Таким образом, среди офицеров русской армии есть очень хорошие и очень плохие, но первые из них составляют бесконечно малую величину по сравнению с последними. Какого мнения русское правительство о своих офицерах, это ясно и безошибочно можно установить по его тактическим уставам. Этими уставами определялись не только общие правила построения боевого порядка бригады, дивизии или армейского корпуса, так называемая «нормальная диспозиция», которую командир может изменять в соответствии с условиями местности и прочими обстоятельствами, но предусматривались различные диспозиции для всех возможных случаев, не оставляя Генералу никакого выбора и связывая его таким образом, чтобы снять с него по возможности всякую ответственность. Например, армейский корпус по уставу может быть построен для сражения пятью различными способами, и на Альме русские действительно построились согласно одному из них — именно по третьей диспозиции — и, разумеется, были разбиты. Эта мания заранее предписывать правила для всех возможных случаев оставляет так мало свободы действий для командира и до такой степени мешает ему использовать преимущества местности, что один прусский генерал, критикуя эту систему, выразился так:
«Такая система предписаний может быть терпима лишь в армии, большинство генералов которой настолько глупо, что правительство не может спокойно доверить им ничем не ограничиваемое командование или разрешить им действовать по своему усмотрению».
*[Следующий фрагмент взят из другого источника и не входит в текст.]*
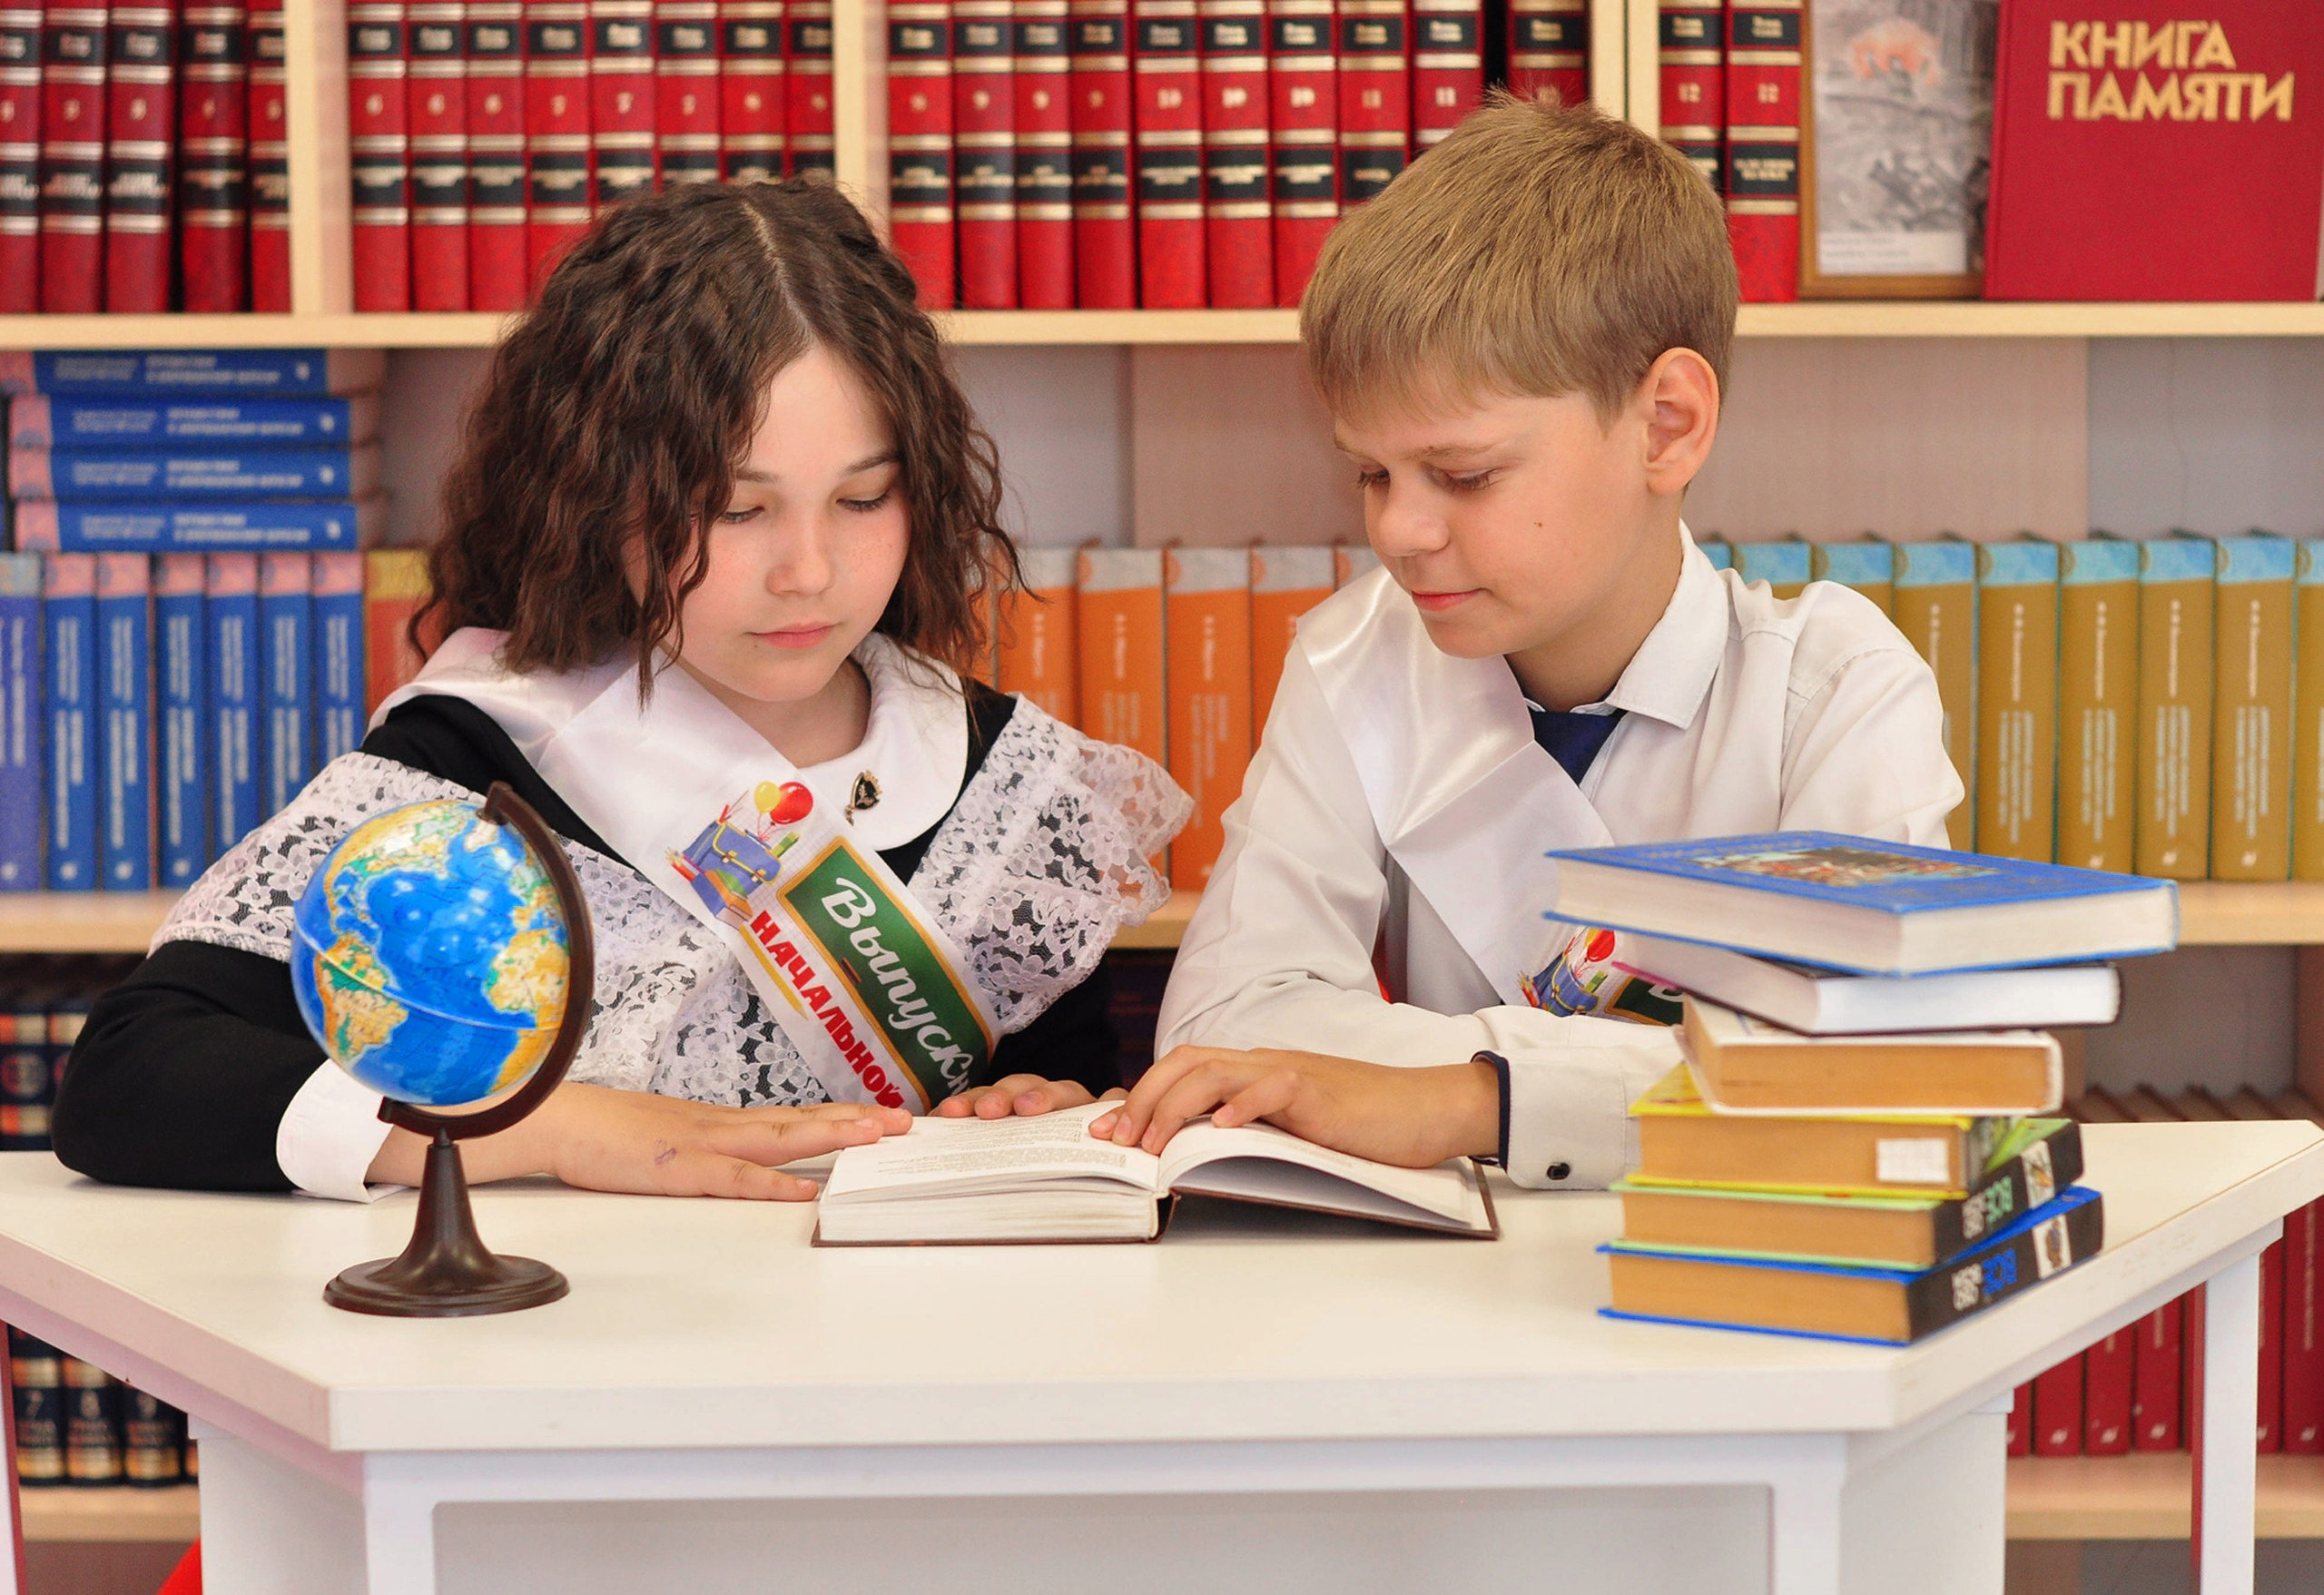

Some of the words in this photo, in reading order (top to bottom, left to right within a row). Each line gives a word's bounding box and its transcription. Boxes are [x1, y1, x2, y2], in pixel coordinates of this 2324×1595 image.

Русский солдат является одним из самых храбрых в Европе. Его упорство почти не уступает упорству английских и некоторых австрийских батальонов. Ему свойственно то, что Джон Буль хвастливо приписывает себе, — он не чувствует, что побит. Каре русской пехоты сопротивлялись и сражались врукопашную долгое время после того, как кавалерия прорвалась через них; и всегда считалось, что легче русских перестрелять, чем заставить их отступить. Сэр Джордж Каткарт, который наблюдал их в 1813 и 1814 гг. [239] в роли союзников, а в 1854 г. в Крыму — в роли противников, с уважением свидетельствует, что они «никогда не поддаются панике». Кроме того, русский солдат хорошо сложен, крепок здоровьем, прекрасный ходок, нетребователен, может есть и пить почти все, и более послушен своим офицерам, чем какой-либо другой солдат в мире. И тем не менее русской армии не приходится особенно хвалиться. За все время существования России как таковой русские еще не выиграли ни одного сражения против немцев, французов, поляков или англичан, не превосходя их значительно своим числом. При равных условиях они всегда были биты другими армиями, за исключением пруссаков и турок, но при Четате и Силистрии [240] турки одержали победу над русскими, хотя численно были слабее.
239
Имеется в виду книга: G. Cathcart. «Commentaries on the War in Russia and Germany in 1812 and 1813». London, 1850 (Дж. Каткарт. «Заметки о войне в России и Германии в 1812 и 1813 годах». Лондон, 1850).
240
Описание сражения при Четате 6 января 1854 г. (25 декабря 1853 г.) и осады Силистрии в мае — июне 1854 г. Энгельс дал в статьях «Последнее сражение на европейском театре военных действий», «Осада Силистрии» и «Война на Дунае» (см. настоящее издание, т. 10, стр. 34–37, 269–281 и 312–317).